**WHAT YOU SHOULD DO**
Repeat the data exactly, please; no pictures belong in the copy.

**PROVIDED MATERIAL**
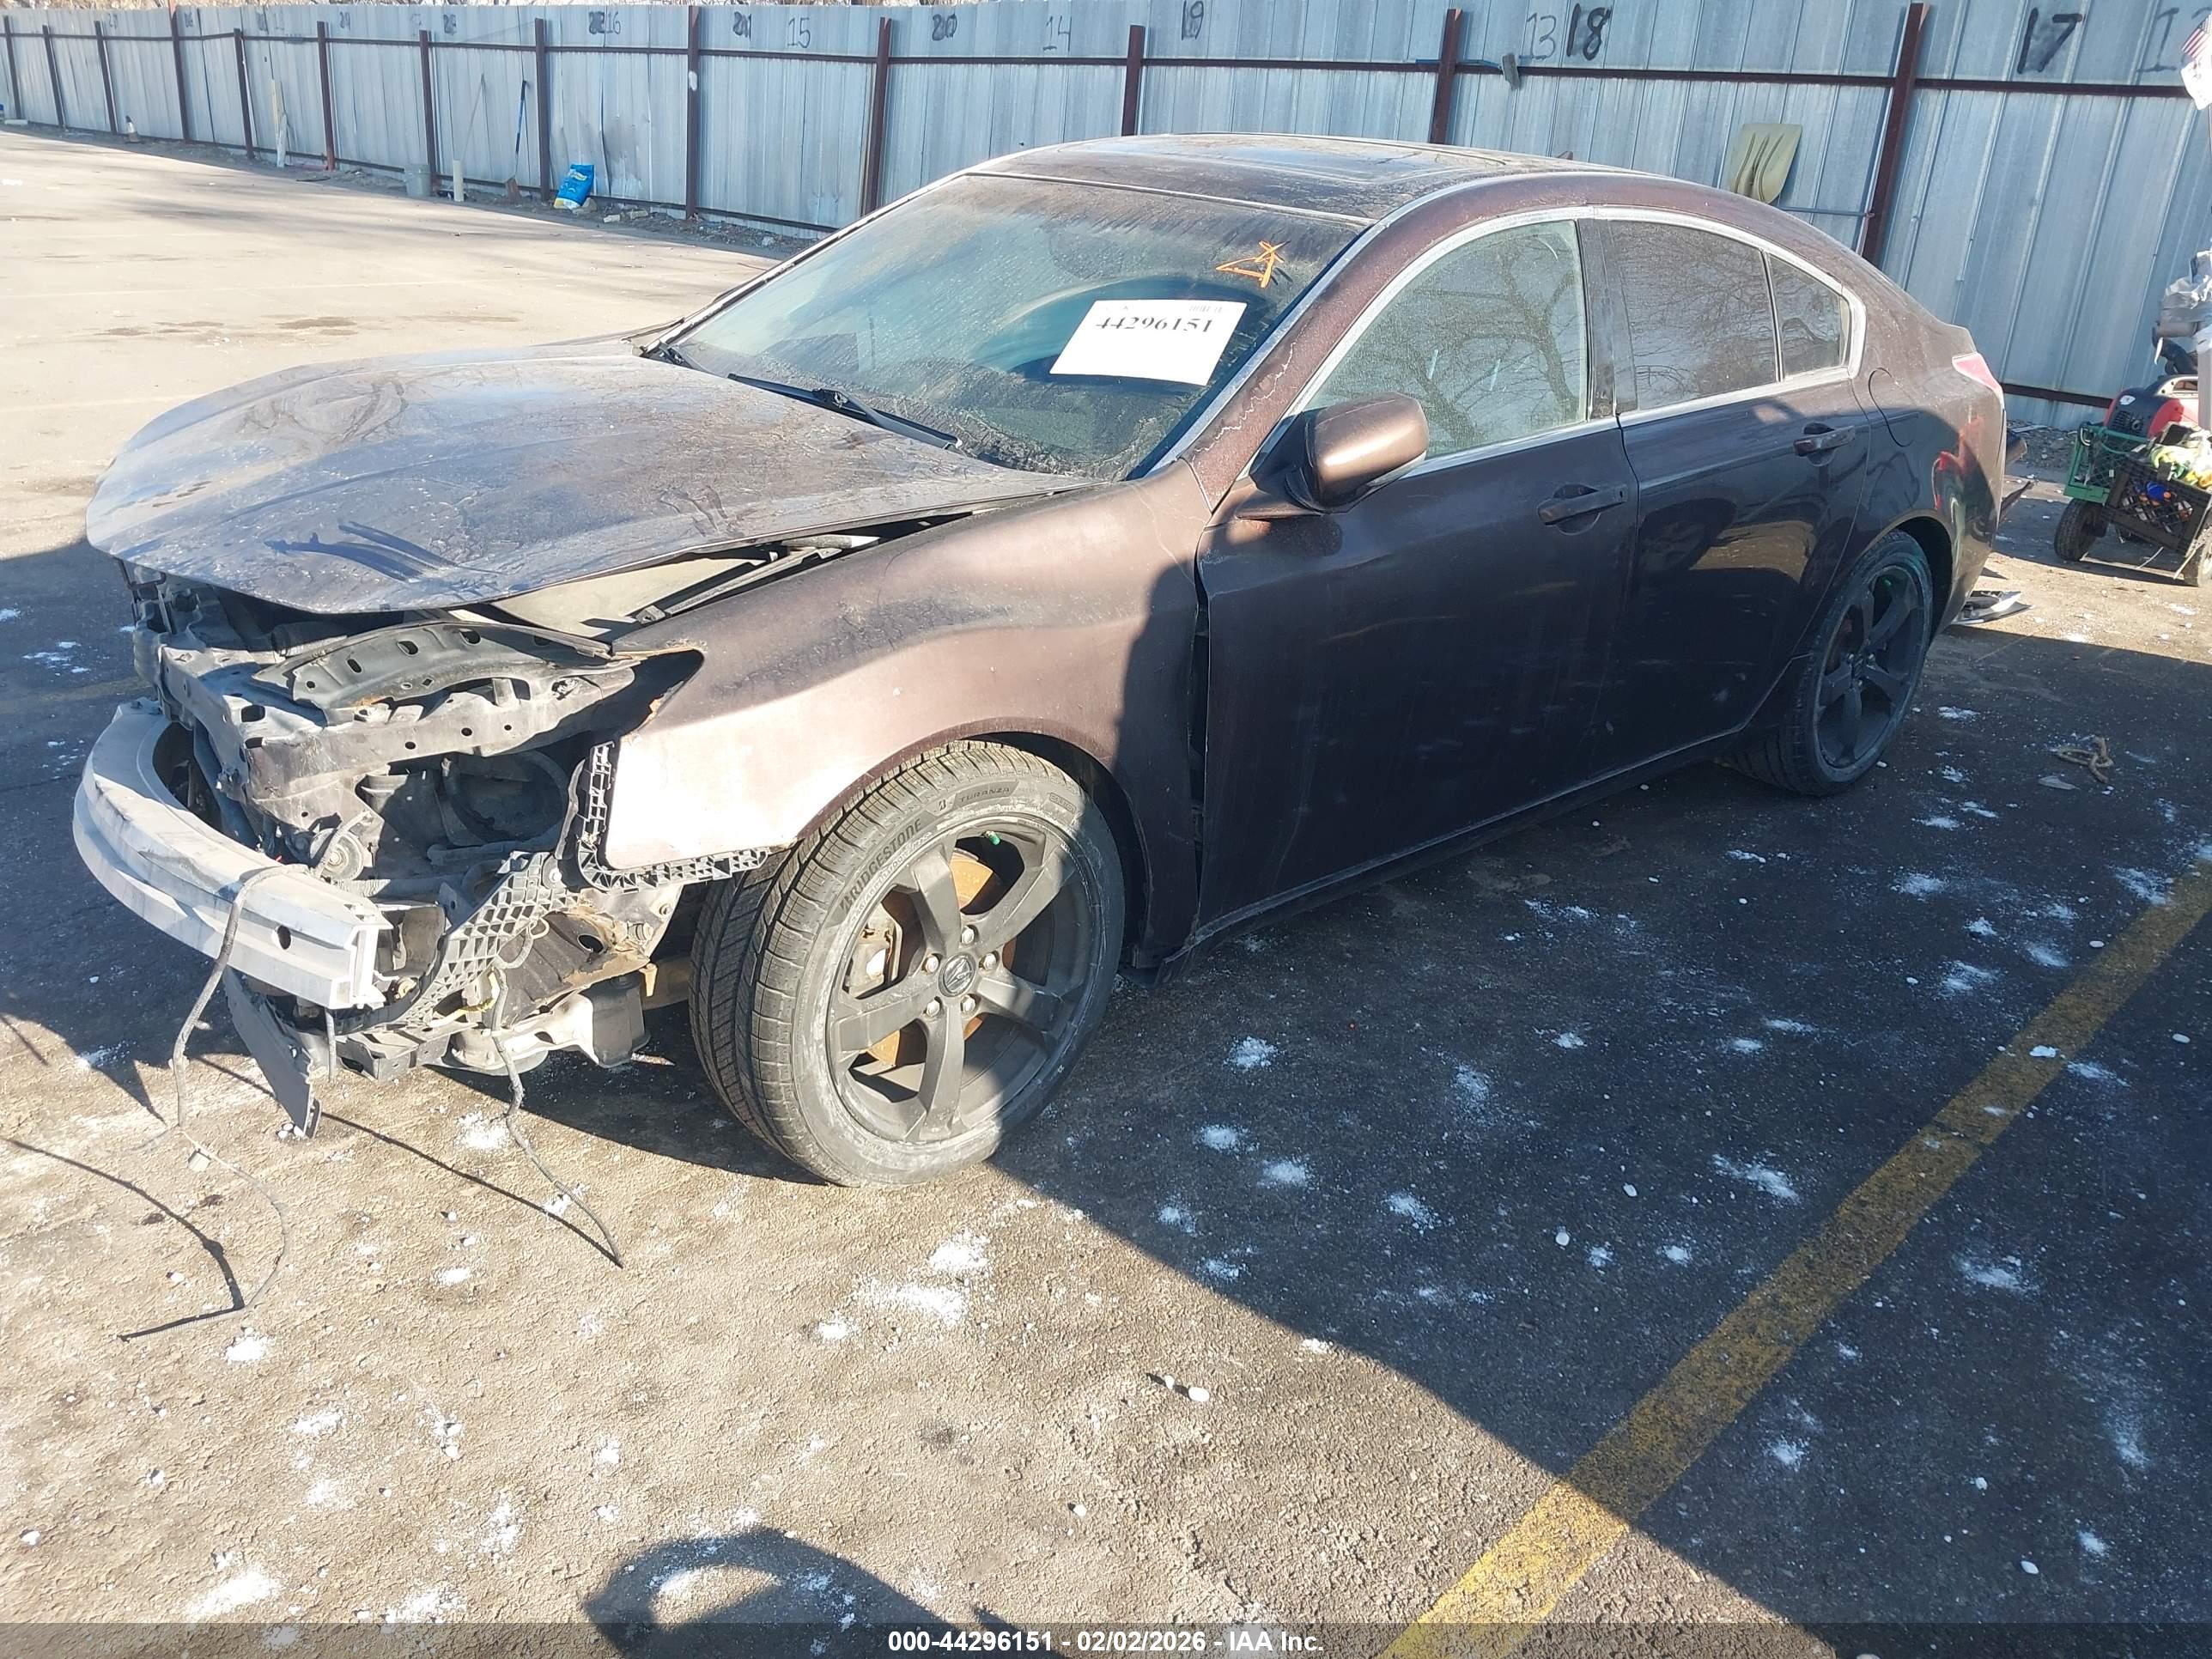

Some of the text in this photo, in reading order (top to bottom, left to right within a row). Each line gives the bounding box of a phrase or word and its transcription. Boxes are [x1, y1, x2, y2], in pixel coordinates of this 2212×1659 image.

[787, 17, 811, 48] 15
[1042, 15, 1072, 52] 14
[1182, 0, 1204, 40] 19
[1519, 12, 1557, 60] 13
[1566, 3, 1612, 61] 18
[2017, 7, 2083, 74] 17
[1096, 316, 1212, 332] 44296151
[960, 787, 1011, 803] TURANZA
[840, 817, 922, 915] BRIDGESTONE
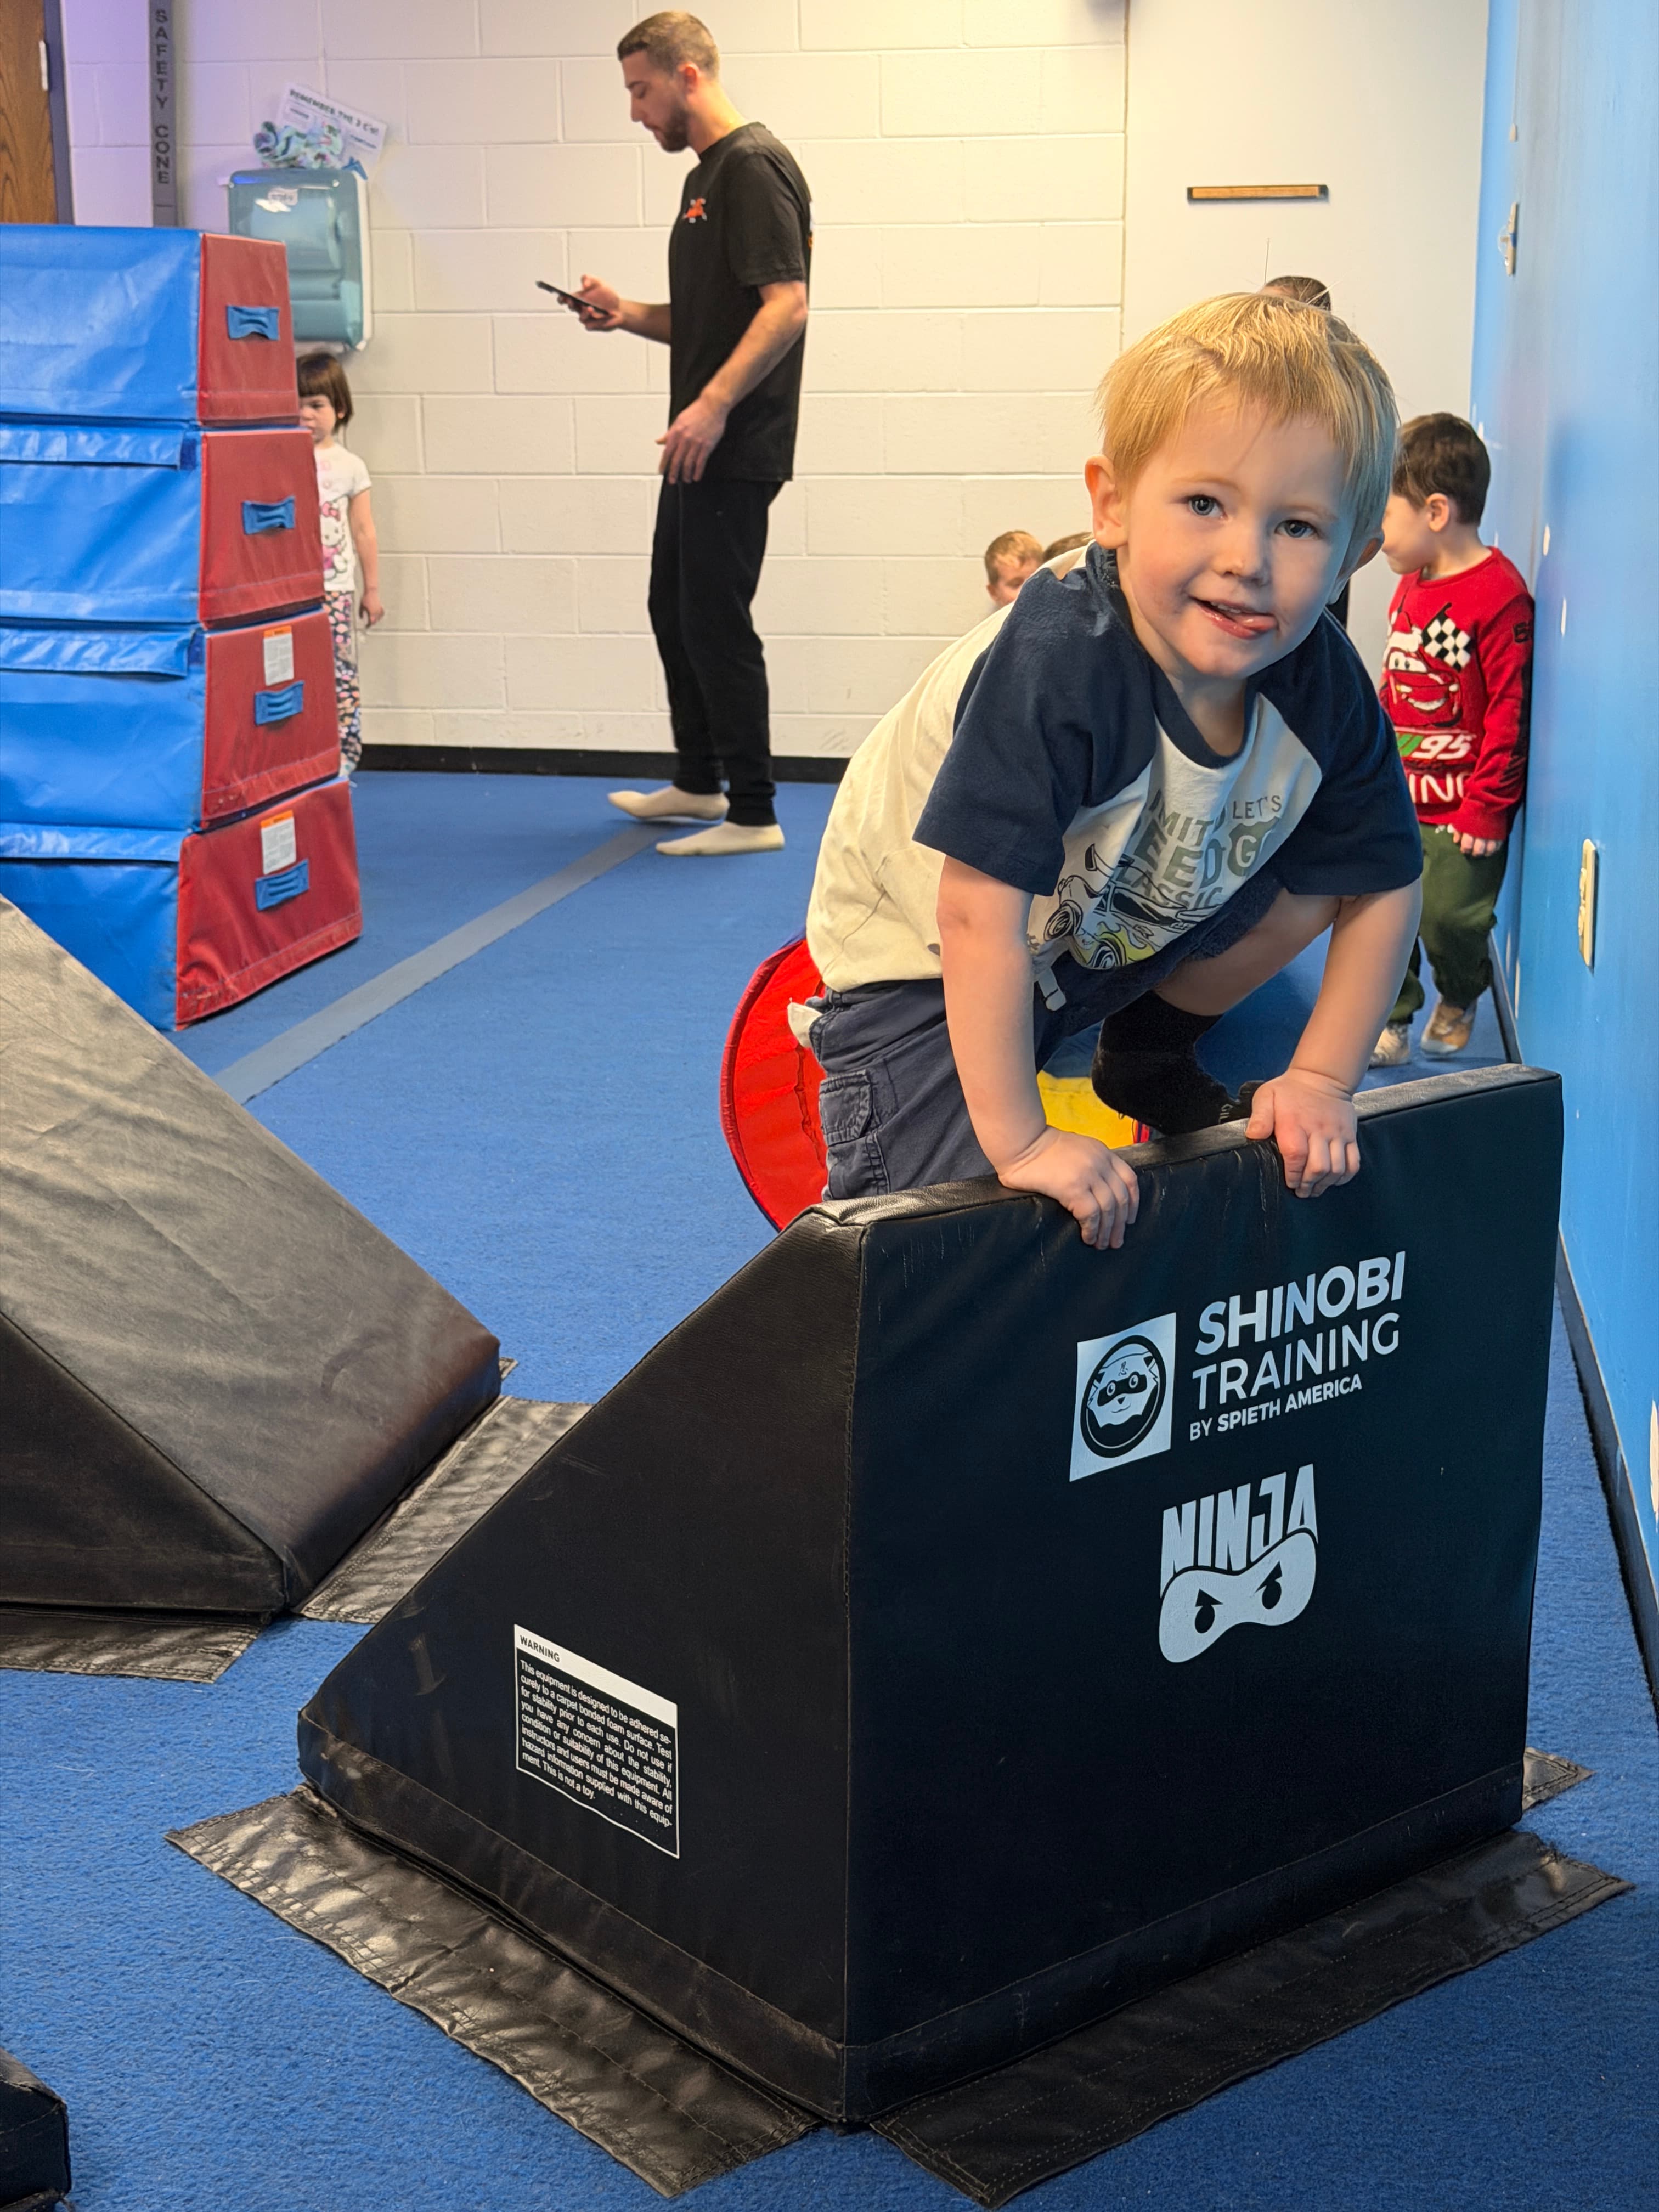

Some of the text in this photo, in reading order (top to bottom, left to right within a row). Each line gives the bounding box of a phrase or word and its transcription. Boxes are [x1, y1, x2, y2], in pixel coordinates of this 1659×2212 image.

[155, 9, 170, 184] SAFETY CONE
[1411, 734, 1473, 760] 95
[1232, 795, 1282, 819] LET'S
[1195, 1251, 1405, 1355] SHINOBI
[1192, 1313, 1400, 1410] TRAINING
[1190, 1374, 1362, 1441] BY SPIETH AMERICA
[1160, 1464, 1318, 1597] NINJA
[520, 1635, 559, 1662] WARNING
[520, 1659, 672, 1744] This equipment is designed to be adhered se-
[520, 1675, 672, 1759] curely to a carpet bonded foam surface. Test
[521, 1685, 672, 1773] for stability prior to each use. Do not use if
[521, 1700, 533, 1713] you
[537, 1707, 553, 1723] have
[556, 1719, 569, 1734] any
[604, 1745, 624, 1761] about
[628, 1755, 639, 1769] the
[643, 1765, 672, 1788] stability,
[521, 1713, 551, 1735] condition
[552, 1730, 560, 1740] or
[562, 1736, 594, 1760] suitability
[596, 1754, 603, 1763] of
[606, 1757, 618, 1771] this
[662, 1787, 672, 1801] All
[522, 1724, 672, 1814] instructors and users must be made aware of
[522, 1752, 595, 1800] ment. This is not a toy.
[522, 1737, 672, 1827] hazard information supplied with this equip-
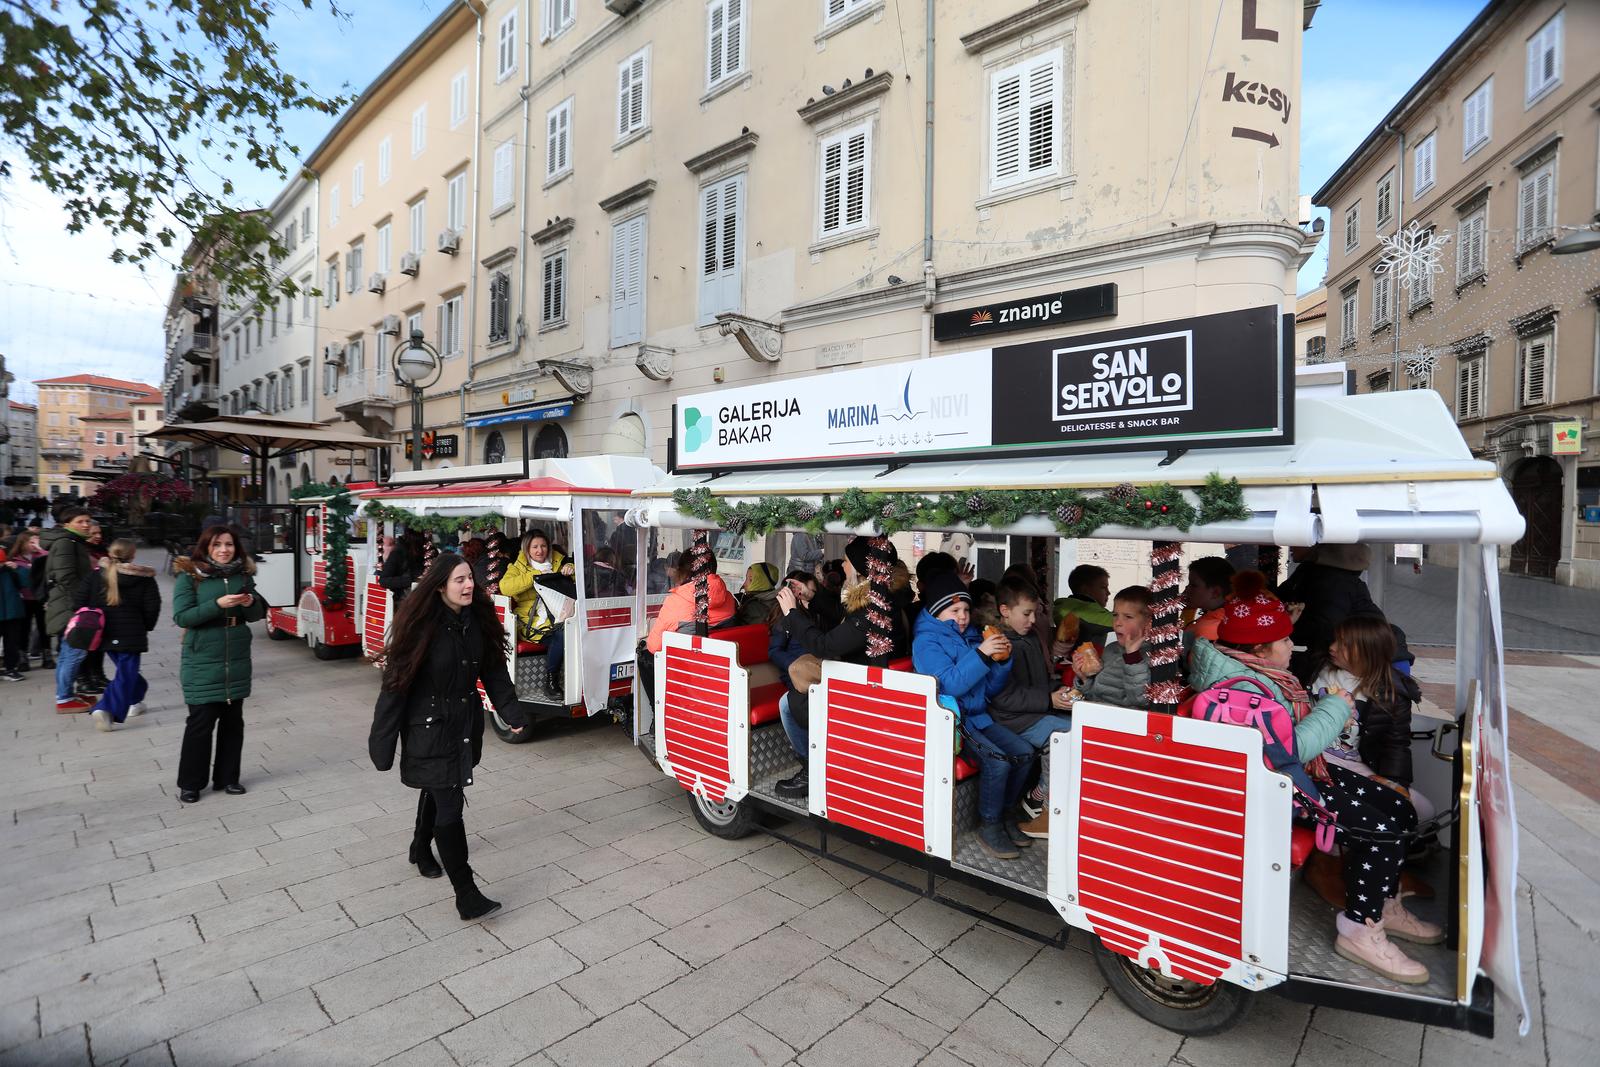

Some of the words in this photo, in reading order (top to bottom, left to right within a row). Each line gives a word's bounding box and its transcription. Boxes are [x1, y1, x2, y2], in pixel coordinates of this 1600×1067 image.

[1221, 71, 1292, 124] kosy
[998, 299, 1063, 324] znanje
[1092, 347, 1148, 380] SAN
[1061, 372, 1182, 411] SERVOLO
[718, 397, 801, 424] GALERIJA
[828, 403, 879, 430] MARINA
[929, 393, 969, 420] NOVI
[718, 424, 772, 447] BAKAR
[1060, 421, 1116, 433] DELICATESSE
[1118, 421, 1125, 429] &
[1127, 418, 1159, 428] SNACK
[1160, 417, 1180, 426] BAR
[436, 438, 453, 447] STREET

**FINISHED TASK**
Some of the text in this photo, in reading order (top to bottom, left to right within a row). Each line gives the bounding box of a phrase or word and its transcription. Boxes are [x1, y1, x2, y2], in pixel coordinates of this 2212×1659 image.

[787, 17, 811, 48] 15
[1042, 15, 1072, 52] 14
[1182, 0, 1204, 40] 19
[1519, 12, 1557, 60] 13
[1566, 3, 1612, 61] 18
[2017, 7, 2083, 74] 17
[1096, 316, 1212, 332] 44296151
[960, 787, 1011, 803] TURANZA
[840, 817, 922, 915] BRIDGESTONE

Some of the text in this photo, in reading order (top to bottom, left to right within a row). Each line gives the bounding box of a phrase or word and its transcription. Boxes are [x1, y1, x2, y2], in pixel coordinates of this 1659×2212 image.

[155, 9, 170, 184] SAFETY CONE
[1411, 734, 1473, 760] 95
[1232, 795, 1282, 819] LET'S
[1195, 1251, 1405, 1355] SHINOBI
[1192, 1313, 1400, 1410] TRAINING
[1190, 1374, 1362, 1441] BY SPIETH AMERICA
[1160, 1464, 1318, 1597] NINJA
[520, 1635, 559, 1662] WARNING
[520, 1659, 672, 1744] This equipment is designed to be adhered se-
[520, 1675, 672, 1759] curely to a carpet bonded foam surface. Test
[521, 1685, 672, 1773] for stability prior to each use. Do not use if
[521, 1700, 533, 1713] you
[537, 1707, 553, 1723] have
[556, 1719, 569, 1734] any
[604, 1745, 624, 1761] about
[628, 1755, 639, 1769] the
[643, 1765, 672, 1788] stability,
[521, 1713, 551, 1735] condition
[552, 1730, 560, 1740] or
[562, 1736, 594, 1760] suitability
[596, 1754, 603, 1763] of
[606, 1757, 618, 1771] this
[662, 1787, 672, 1801] All
[522, 1724, 672, 1814] instructors and users must be made aware of
[522, 1752, 595, 1800] ment. This is not a toy.
[522, 1737, 672, 1827] hazard information supplied with this equip-

Some of the words in this photo, in reading order (top to bottom, left to right within a row). Each line gives a word's bounding box and its transcription. Boxes are [x1, y1, x2, y2], in pixel coordinates of this 1600×1067 image.

[1221, 71, 1292, 124] kosy
[998, 299, 1063, 324] znanje
[1092, 347, 1148, 380] SAN
[1061, 372, 1182, 411] SERVOLO
[718, 397, 801, 424] GALERIJA
[828, 403, 879, 430] MARINA
[929, 393, 969, 420] NOVI
[718, 424, 772, 447] BAKAR
[1060, 421, 1116, 433] DELICATESSE
[1118, 421, 1125, 429] &
[1127, 418, 1159, 428] SNACK
[1160, 417, 1180, 426] BAR
[436, 438, 453, 447] STREET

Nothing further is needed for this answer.